## [What to do]
Could you set down the lines below, from the one containing "Some of the text" through the final line, exactly as written?

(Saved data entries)

┌──

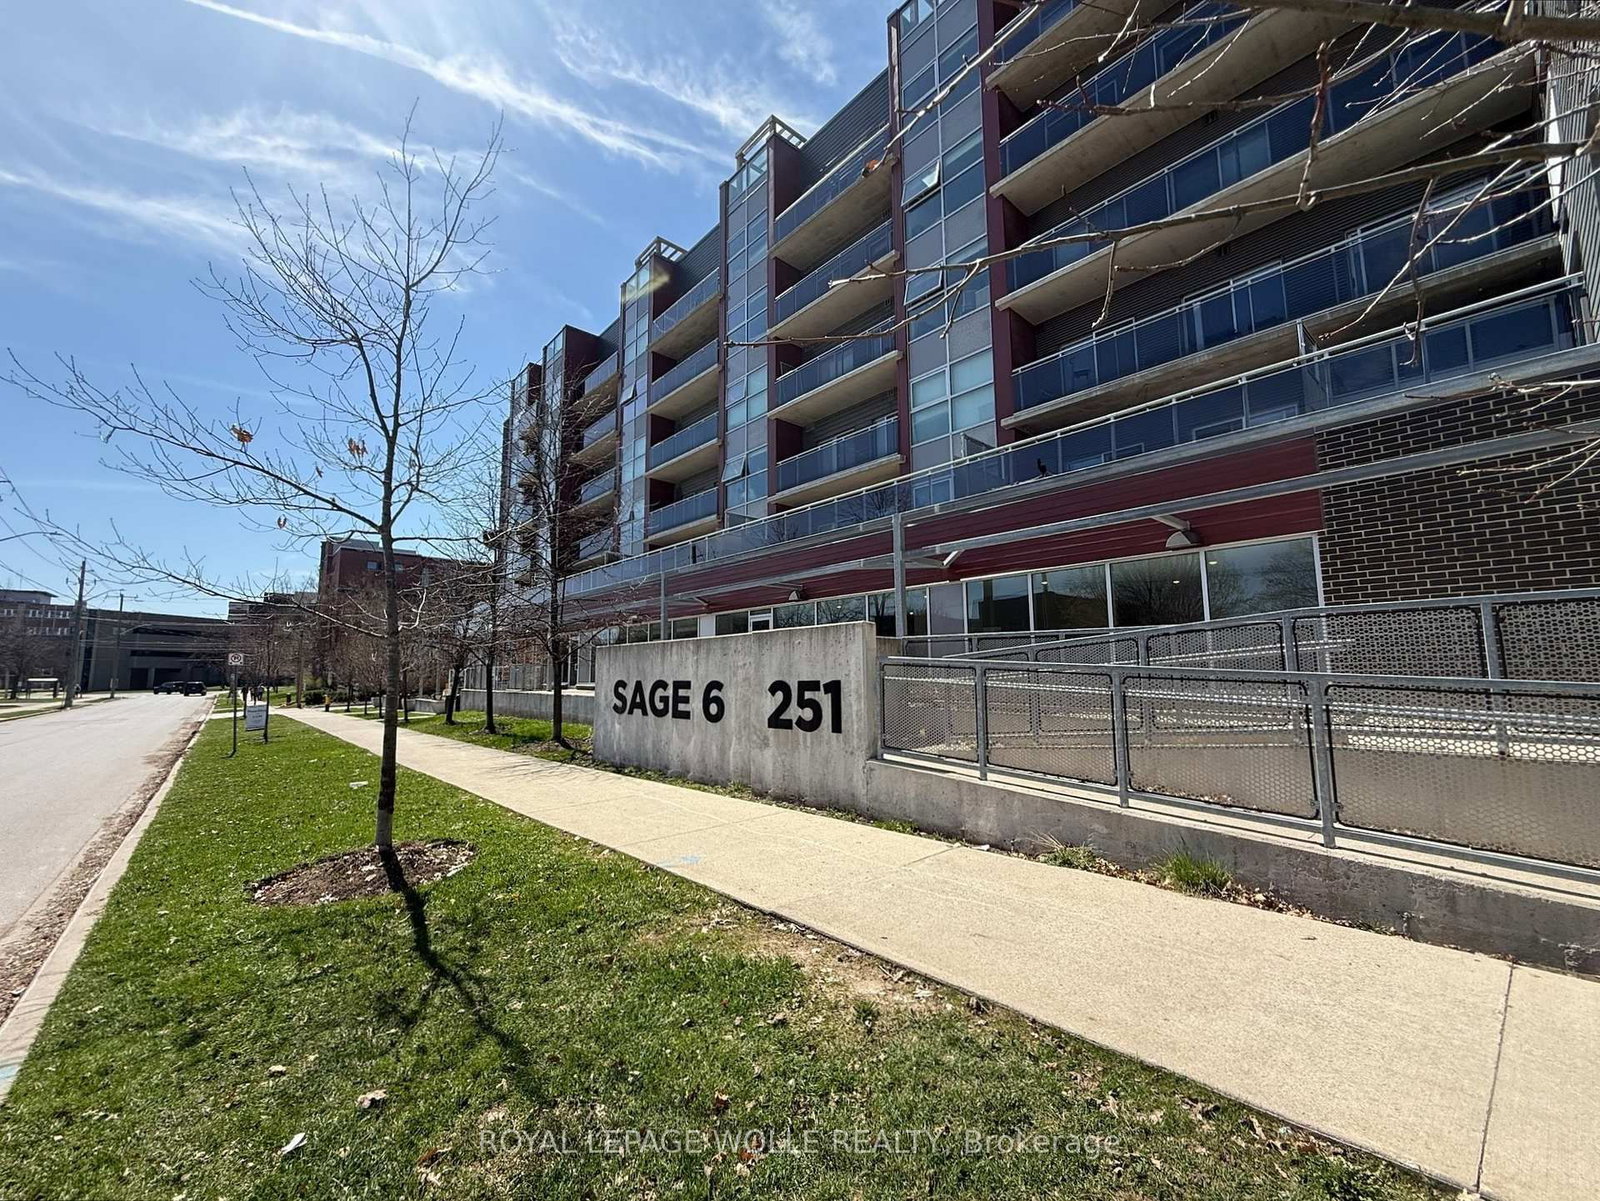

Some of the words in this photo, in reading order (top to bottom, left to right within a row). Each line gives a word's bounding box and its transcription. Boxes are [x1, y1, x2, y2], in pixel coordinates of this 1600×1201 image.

[612, 679, 692, 720] SAGE
[702, 680, 725, 723] 6
[767, 680, 842, 734] 251
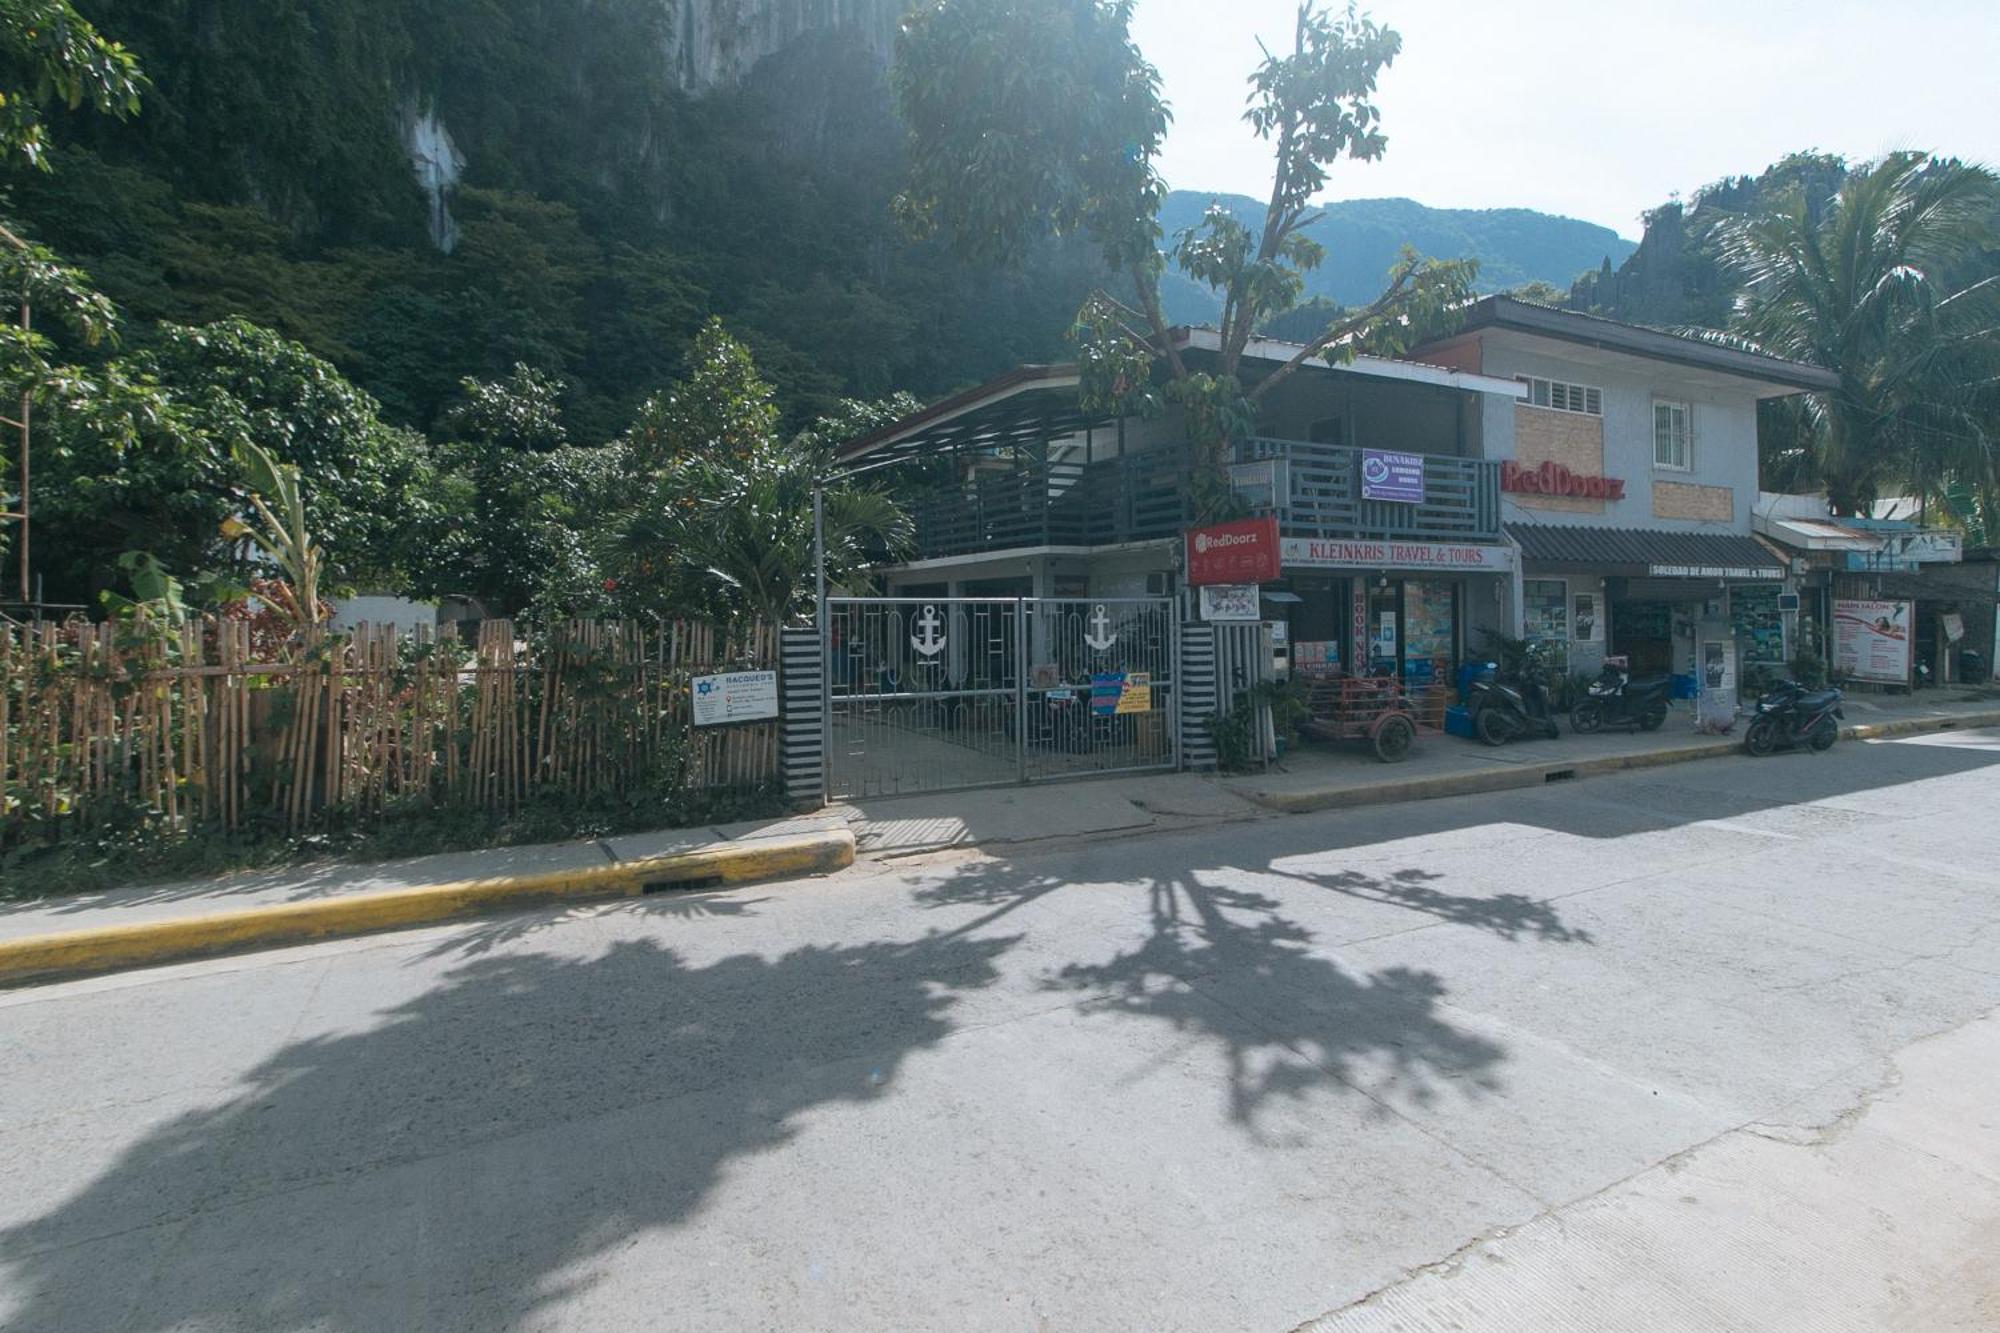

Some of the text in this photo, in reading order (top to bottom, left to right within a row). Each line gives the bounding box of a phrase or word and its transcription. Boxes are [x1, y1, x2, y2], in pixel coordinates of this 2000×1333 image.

[1206, 533, 1257, 548] RedDoorz
[1309, 542, 1385, 561] KLEINKRIS
[1389, 544, 1434, 562] TRAVEL
[1436, 547, 1445, 562] &
[1447, 547, 1483, 564] TOURS
[1724, 567, 1750, 577] TRAVEL
[1355, 592, 1365, 637] BOOK

└──

## [Response]
Some of the text in this photo, in reading order (top to bottom, left to right within a row). Each line gives the bounding box of a phrase or word and its transcription. Boxes are [x1, y1, x2, y2], in pixel coordinates of this 2000×1333 image.

[1206, 533, 1257, 548] RedDoorz
[1309, 542, 1385, 561] KLEINKRIS
[1389, 544, 1434, 562] TRAVEL
[1436, 547, 1445, 562] &
[1447, 547, 1483, 564] TOURS
[1724, 567, 1750, 577] TRAVEL
[1355, 592, 1365, 637] BOOK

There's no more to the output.